The primary indicator nowadays is social media. We have lots of good information in this field and a social media dashboard that allows us to quickly evaluate the impact. One other country that stands out a lot for us is Argentina, a nation with which we’ve always had strong connections. Right now, we have Argentine players like Gonzalo Montiel, Erik Lamela, Lucas Ocampos and Papu Gómez. These reports also highlight Colombia, which is partly related to the past signing of Carlos Bacca.

- Does the sporting department consider such factors?

The sporting department build the squad thinking solely about sporting criteria, but we in the business department can make the most of such circumstances when, for example, there are multiple players from the same country in the squad. We need to capitalise on the commercial opportunities this brings in those countries. There’s always a need to bring the strategic and tactical together, as in any business.

- The football industry, as with so many others, has suffered from the coronavirus pandemic. But it’s also one of the industries that is recovering its potential the quickest. When do you think it will be as it was before the pandemic for football?
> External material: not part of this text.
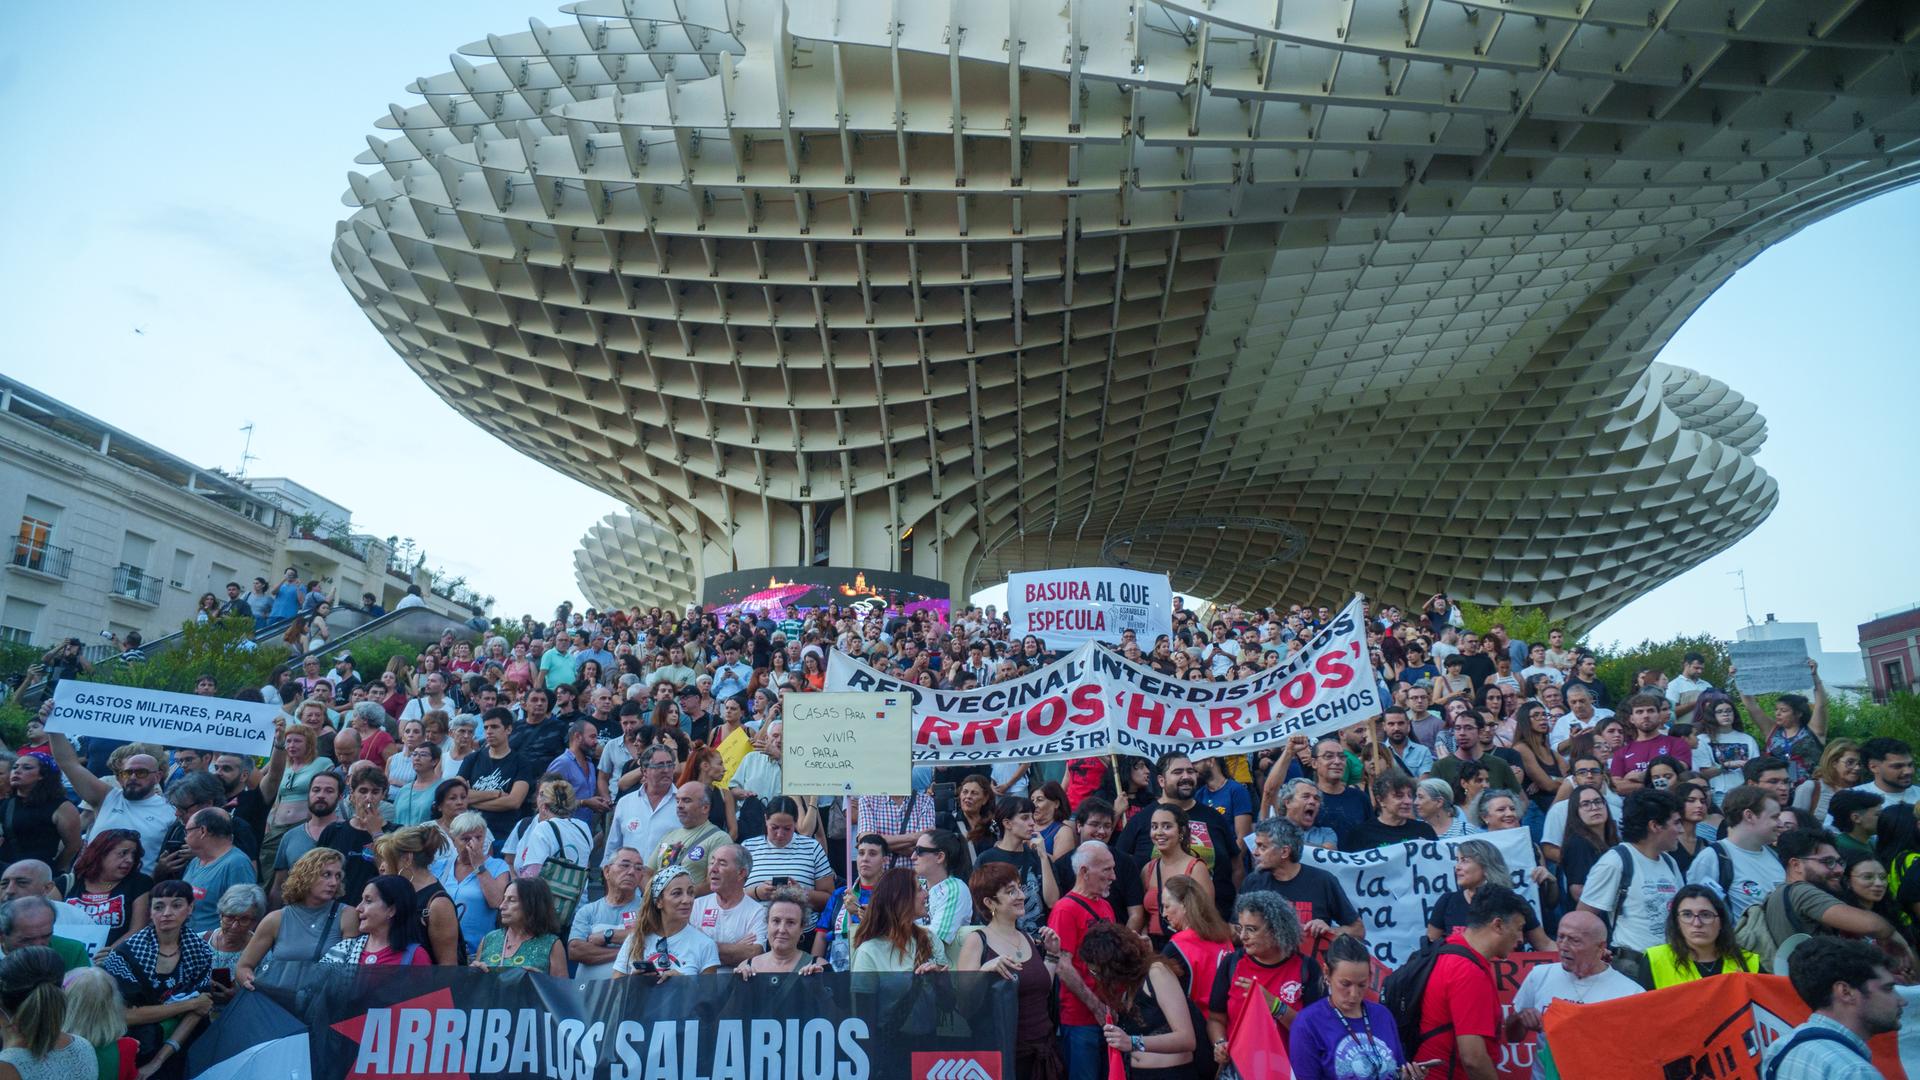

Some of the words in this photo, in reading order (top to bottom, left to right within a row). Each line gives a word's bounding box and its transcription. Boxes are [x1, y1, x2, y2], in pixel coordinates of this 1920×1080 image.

The world of football has suffered with the pandemic, but compared to other sectors and industries it has been a relative suffering. Some revenues streams were completely cut off, like income from tickets, but others didn’t suffer, like TV rights money or prize money. The recovery will be quick because football is more and more a form of entertainment. People haven’t lost interest in football, although there is a change with the new generations in terms of how they consume and watch football. We might need to have a little more patience to see full stadiums again, but the recovery for other areas of the business has been quick. Looking at it all together, at TV audiences, social media numbers, the following on OTTs and more, we see that the sport is in great health. Interest in football is still very high and it’ll only get higher.

- Such a crisis can unite or separate. How do you think the football industry reacted?

Ever since my arrival, I have noticed a very intense collaboration with LaLiga and open communication with other clubs. It’s quite easy to phone somebody from another club to ask for an opinion on something. That speaks very well for the spirit of collaboration that exists in this league. The work that was done to ensure the 2019/20 season could finish, and for 2020/21 to take place even without fans, demonstrated great flexibility, resilience and organisation. In general, there has been a backdrop of unity and collaboration, which perhaps some have interpreted in a different way to try to launch adventures that have little traction and that aren’t what fans want.